Neurological Assessment Tests and Tools
-cognitive function: assess memory, attention, concentration, problem solving. Mini Mental Status Exam (MMSE)
http://www.levymd.com/html/mini_mental_status_examination.htm
https://www.highmark.com/health/professionals/gerbinder.html click on Dementia Management: AMMSE
-sensory integrity: superficial and deep sensation, pain, temperature, proprioception, stereognosis. Full sensory test
-pain: determine pain behavior and reaction during specific movements and provoking stimuli. VAS
https://www.highmark.com/health/professionals/gerbinder.html (click on Pain Scales)
-range of motion: functional ROM and specific deficits. Goniometry
-motor function: muscle tone, muscle strength, reflexes (normal/abnormal i.e. Babinski). Ashworth Scale, MMT
http://www.wemove.org/spa_pal.html#a_tis
-gait, locomotion: gait parameter and characteristics, stability, and safety. The Get Up & Go Test
https://www.highmark.com/health/professionals/gerbinder.html click on Tools
http://www.vard.org/jour/00/37/1/wall371.htm
-balance: static and dynamic, reactive, anticipatory, and synergistic strategies. Berg Balance Scale, FR Test
https://www.highmark.com/health/professionals/gerbinder.html click on Tools
http://www.chcr.brown.edu/Balance.htm
-aerobic capacity, endurance: resting vital signs before, during, after activity, perceived exertion. RPE
http://www.vqfitpros.com/borg.html
-functional activities: bed mobility, transfers, ambulation with/without device.
Case Study
Mr. R is a 68-year-old man with a 7-year history of Parkinson’s disease. He now falls two to three times a
day, has difficulty eating and weakness in his right hand. On assessment he has moderate rigidity in all extremities;
right side worse than left, and most noted in the wrist, forearm, and hand. Shoulder flexion and abduction lack 15
degrees bilaterally. Joint range of motion is within functional limits with the exception of a 10-degree knee flexion
contracture on the right. Muscle strength is grossly 4 throughout all muscle groups. Sensation is within normal limits
throughout. Static and dynamic sitting balance is good, standing balance is fair.

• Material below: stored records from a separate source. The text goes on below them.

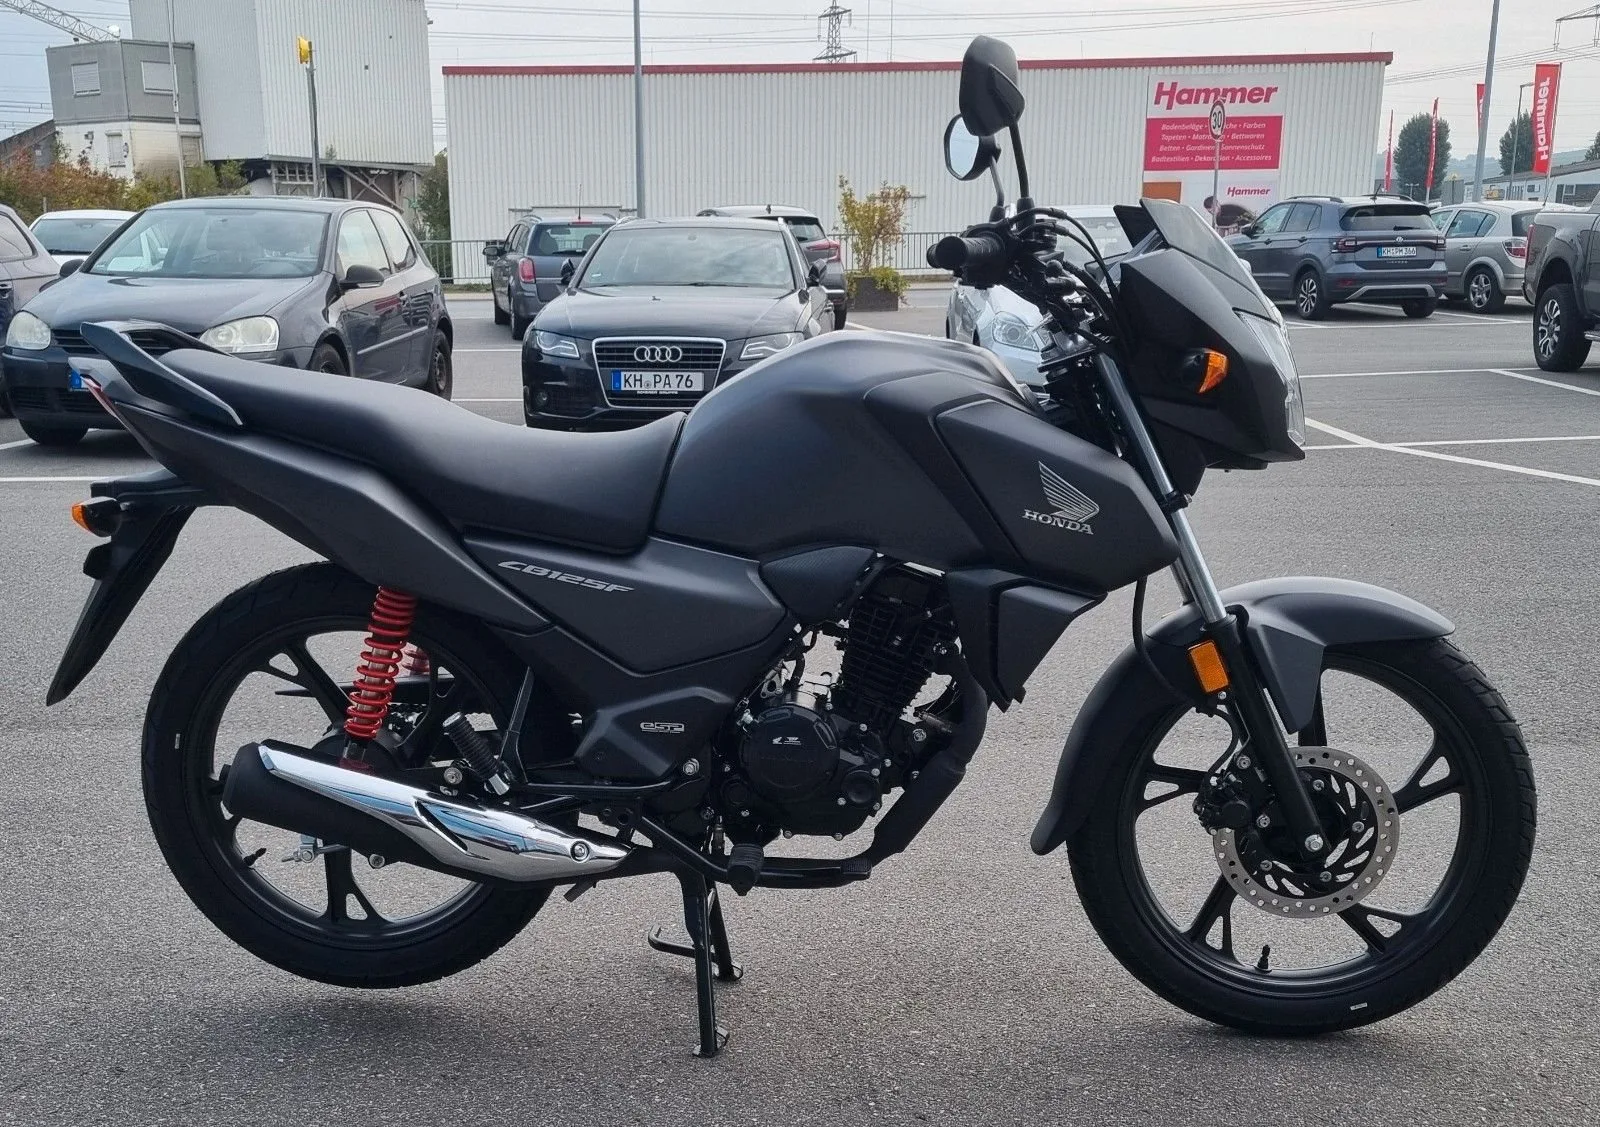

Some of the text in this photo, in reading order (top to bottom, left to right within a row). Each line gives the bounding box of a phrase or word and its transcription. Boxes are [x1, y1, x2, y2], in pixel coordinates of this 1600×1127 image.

[1154, 82, 1278, 110] Hammer
[1212, 111, 1222, 130] 30
[1537, 77, 1550, 160] Hammer
[1161, 134, 1187, 142] Tapeten
[1227, 186, 1271, 197] Hammer
[623, 374, 643, 389] KH
[653, 374, 672, 389] PA
[675, 374, 694, 389] 76
[1021, 509, 1094, 535] HONDA
[498, 560, 635, 592] CB125F
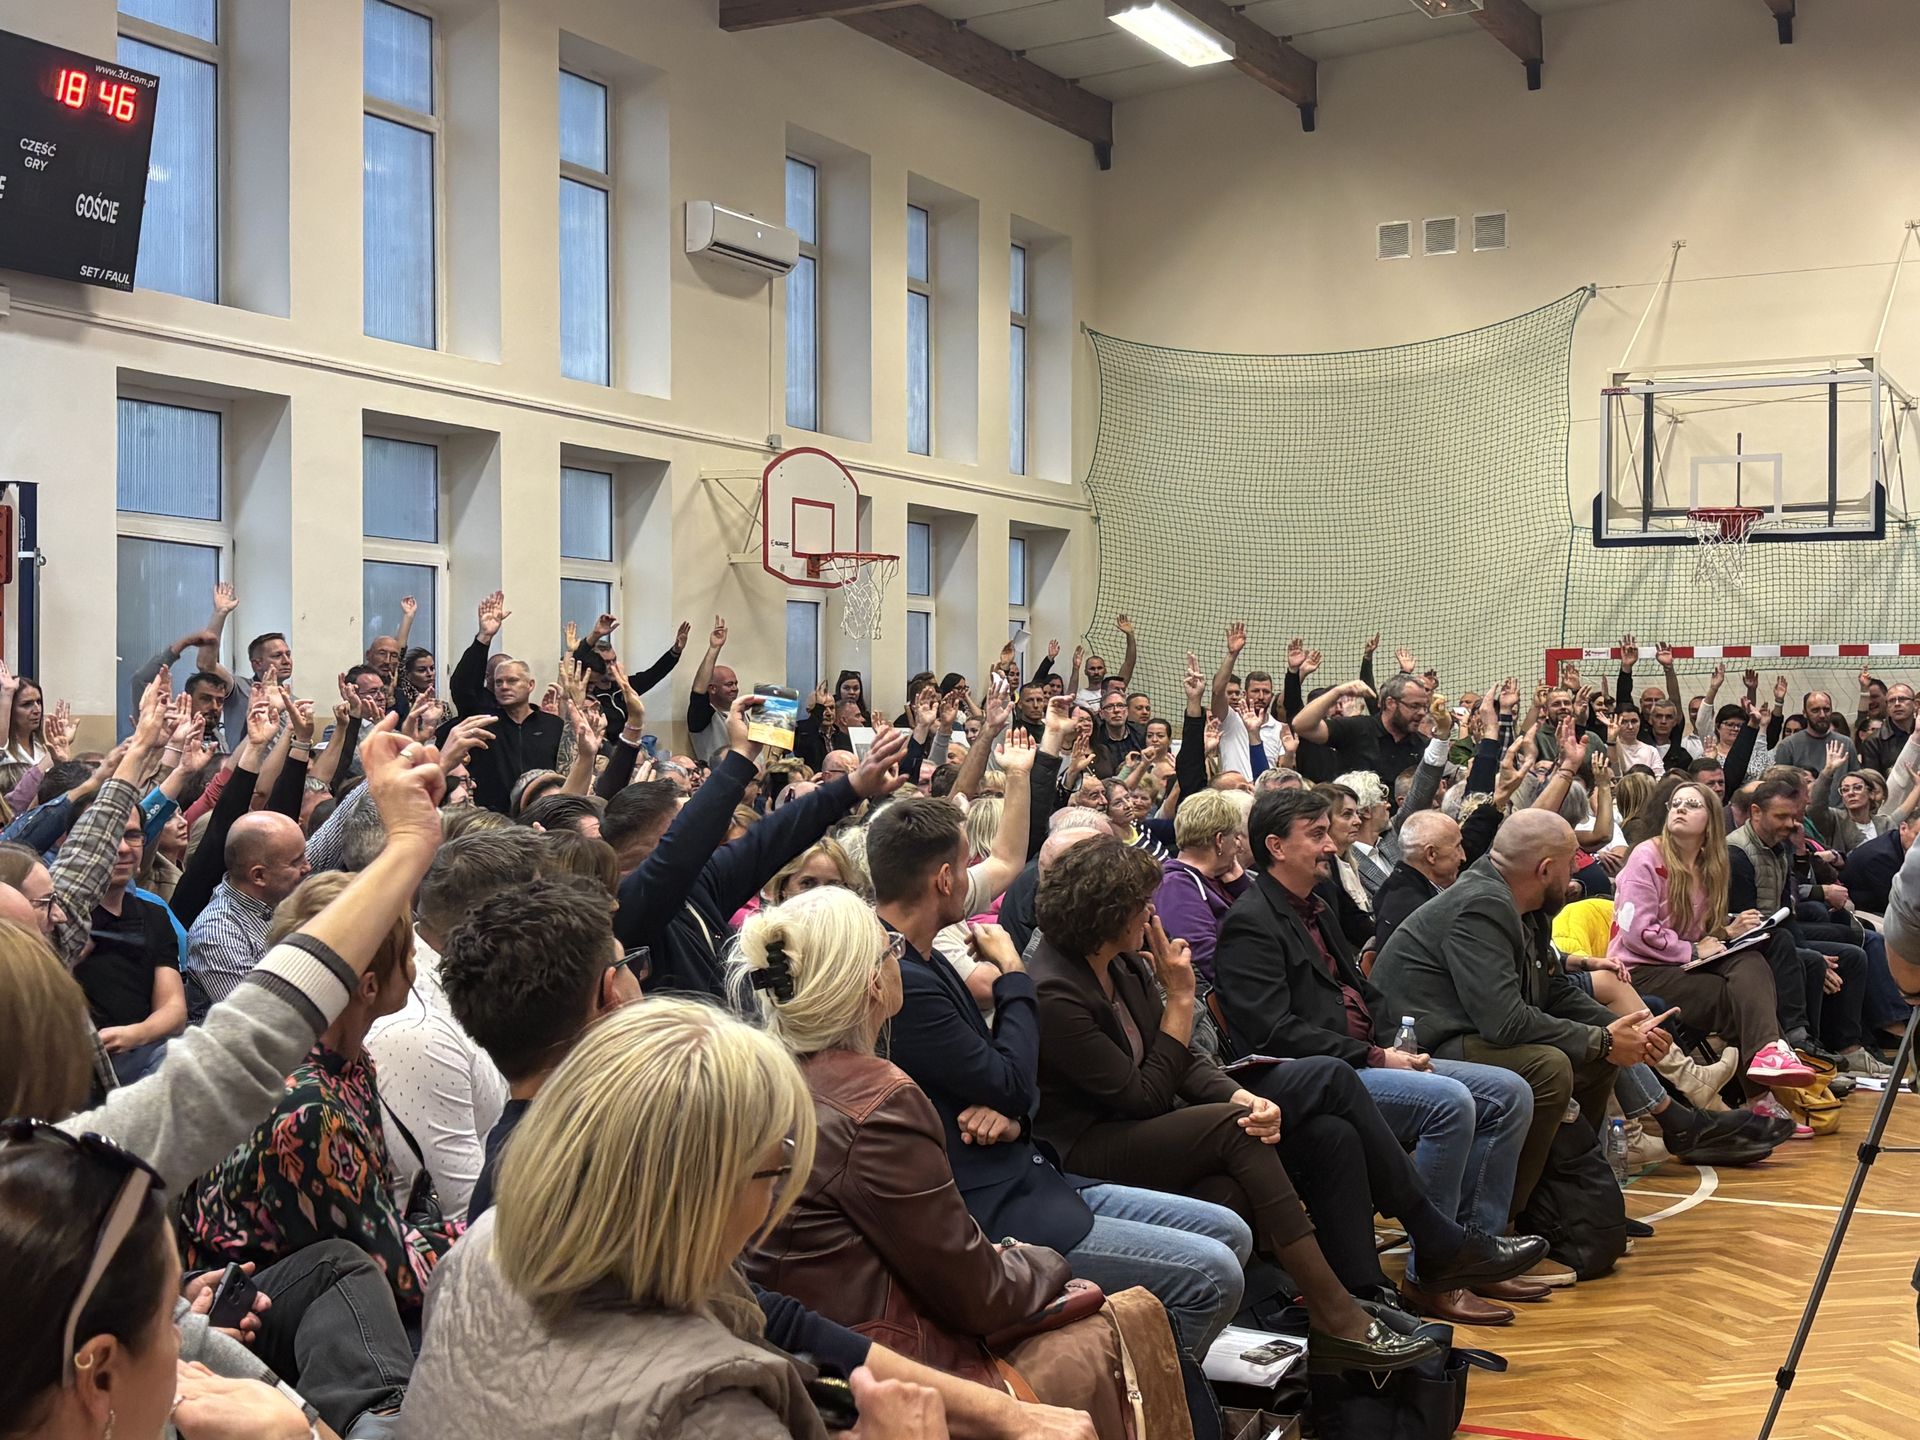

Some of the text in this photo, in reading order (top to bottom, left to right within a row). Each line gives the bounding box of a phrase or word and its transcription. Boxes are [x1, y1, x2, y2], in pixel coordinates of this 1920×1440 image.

[95, 65, 157, 88] www.3d.com.pl
[57, 69, 137, 121] 18 46
[20, 138, 57, 156] CZĘŚĆ
[24, 156, 49, 171] GRY
[75, 191, 120, 224] GOŚCIE

The patient sits with a posterior pelvic tilt, rounded shoulders, and forward head. On coming to stand
position, he does not lean forward as he stands. He momentarily loses his balance upon rising from a chair. When
pushed gently on the sternum, he takes one or two steps backward. When pushed from behind, he takes several
steps forward to recover his balance. He was unable to maintain his balance when trying to catch a large ball
thrown toward his side. His gait pattern exhibits a shortened step, flat foot contact, festination, difficulty with
starting and stopping and an absence of arm swing or trunk rotation. His gait is slow and he is unable to increase his
speed measurably in a 25-foot walk. The patient is on l-dopa/carbidopa and deprenyl.

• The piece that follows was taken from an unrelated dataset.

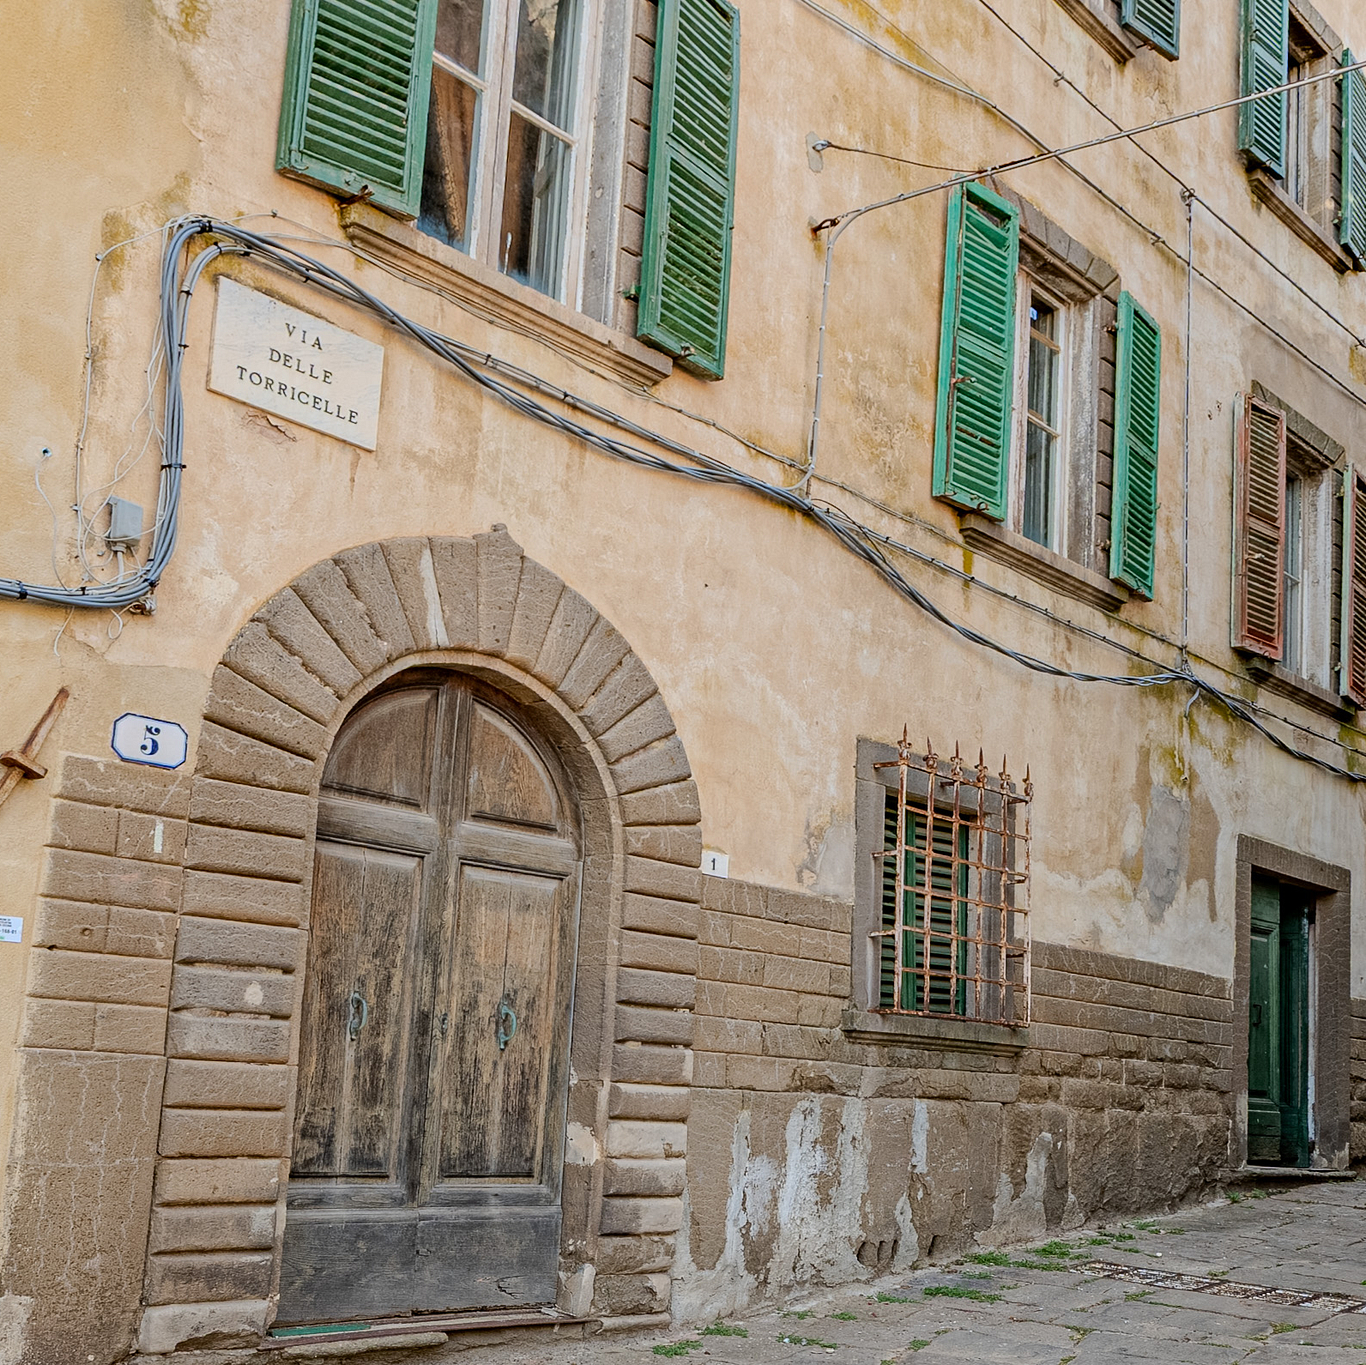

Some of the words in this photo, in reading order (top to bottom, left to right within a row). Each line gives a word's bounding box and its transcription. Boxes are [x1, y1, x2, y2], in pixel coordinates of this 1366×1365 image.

[285, 322, 323, 350] VIA
[269, 347, 333, 385] DELLE
[236, 365, 359, 425] TORRICELLE
[140, 725, 161, 755] 5

The patient has always been active and enjoys golf, swimming and skiing. He was able to ski until last
winter. At that time, he found that he could not get up after a fall. He also no longer swims because he has difficulty
coordinating his breathing with the swim strokes. He does not play golf because he is so slow in walking and it takes
him too long to complete the course. He would like to return to some of these activities, including golf once a week.
Based on the information provided in the case study, develop a physical therapy rehabilitation plan for this
patient. The plan must include a list of the physical and functional problems, short and long term goals, outline
treatment activities, length and duration of the treatment plan, and the rationale for the activities selected.